(Records from a data source)
+ + + + + + +

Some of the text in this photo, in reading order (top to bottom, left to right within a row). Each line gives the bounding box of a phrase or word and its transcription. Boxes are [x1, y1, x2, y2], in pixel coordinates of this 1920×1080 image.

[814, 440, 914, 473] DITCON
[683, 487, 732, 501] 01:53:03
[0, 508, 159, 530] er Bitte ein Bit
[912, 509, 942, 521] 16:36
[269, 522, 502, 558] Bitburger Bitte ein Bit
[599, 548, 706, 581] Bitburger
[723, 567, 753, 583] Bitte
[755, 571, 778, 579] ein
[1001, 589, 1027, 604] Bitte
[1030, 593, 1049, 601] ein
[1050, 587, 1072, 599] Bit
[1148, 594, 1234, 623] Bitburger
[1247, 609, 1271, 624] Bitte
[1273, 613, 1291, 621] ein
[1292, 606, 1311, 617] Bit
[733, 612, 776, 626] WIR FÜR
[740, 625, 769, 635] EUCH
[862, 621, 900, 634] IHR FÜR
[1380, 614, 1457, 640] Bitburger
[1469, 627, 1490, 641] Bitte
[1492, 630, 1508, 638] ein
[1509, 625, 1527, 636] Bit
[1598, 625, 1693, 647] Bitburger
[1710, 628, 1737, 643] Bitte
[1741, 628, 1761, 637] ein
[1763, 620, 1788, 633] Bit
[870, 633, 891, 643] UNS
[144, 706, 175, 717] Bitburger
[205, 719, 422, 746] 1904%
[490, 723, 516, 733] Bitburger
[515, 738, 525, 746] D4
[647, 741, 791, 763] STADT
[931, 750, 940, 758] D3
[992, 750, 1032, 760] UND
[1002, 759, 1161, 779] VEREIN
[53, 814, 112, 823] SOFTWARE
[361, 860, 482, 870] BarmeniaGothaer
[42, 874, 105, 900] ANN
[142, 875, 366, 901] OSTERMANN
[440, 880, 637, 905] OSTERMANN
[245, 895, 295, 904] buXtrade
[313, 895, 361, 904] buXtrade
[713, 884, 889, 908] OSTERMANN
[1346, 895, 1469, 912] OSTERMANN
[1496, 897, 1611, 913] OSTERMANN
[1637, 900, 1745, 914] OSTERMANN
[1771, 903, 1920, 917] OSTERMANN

+ + + + + + +

→ **Work order**:
The records must be reproduced in full. Nothing should differ.

→ **Exercise response**:
Some of the text in this photo, in reading order (top to bottom, left to right within a row). Each line gives the bounding box of a phrase or word and its transcription. Boxes are [x1, y1, x2, y2], in pixel coordinates of this 1920×1080 image.

[814, 440, 914, 473] DITCON
[683, 487, 732, 501] 01:53:03
[0, 508, 159, 530] er Bitte ein Bit
[912, 509, 942, 521] 16:36
[269, 522, 502, 558] Bitburger Bitte ein Bit
[599, 548, 706, 581] Bitburger
[723, 567, 753, 583] Bitte
[755, 571, 778, 579] ein
[1001, 589, 1027, 604] Bitte
[1030, 593, 1049, 601] ein
[1050, 587, 1072, 599] Bit
[1148, 594, 1234, 623] Bitburger
[1247, 609, 1271, 624] Bitte
[1273, 613, 1291, 621] ein
[1292, 606, 1311, 617] Bit
[733, 612, 776, 626] WIR FÜR
[740, 625, 769, 635] EUCH
[862, 621, 900, 634] IHR FÜR
[1380, 614, 1457, 640] Bitburger
[1469, 627, 1490, 641] Bitte
[1492, 630, 1508, 638] ein
[1509, 625, 1527, 636] Bit
[1598, 625, 1693, 647] Bitburger
[1710, 628, 1737, 643] Bitte
[1741, 628, 1761, 637] ein
[1763, 620, 1788, 633] Bit
[870, 633, 891, 643] UNS
[144, 706, 175, 717] Bitburger
[205, 719, 422, 746] 1904%
[490, 723, 516, 733] Bitburger
[515, 738, 525, 746] D4
[647, 741, 791, 763] STADT
[931, 750, 940, 758] D3
[992, 750, 1032, 760] UND
[1002, 759, 1161, 779] VEREIN
[53, 814, 112, 823] SOFTWARE
[361, 860, 482, 870] BarmeniaGothaer
[42, 874, 105, 900] ANN
[142, 875, 366, 901] OSTERMANN
[440, 880, 637, 905] OSTERMANN
[245, 895, 295, 904] buXtrade
[313, 895, 361, 904] buXtrade
[713, 884, 889, 908] OSTERMANN
[1346, 895, 1469, 912] OSTERMANN
[1496, 897, 1611, 913] OSTERMANN
[1637, 900, 1745, 914] OSTERMANN
[1771, 903, 1920, 917] OSTERMANN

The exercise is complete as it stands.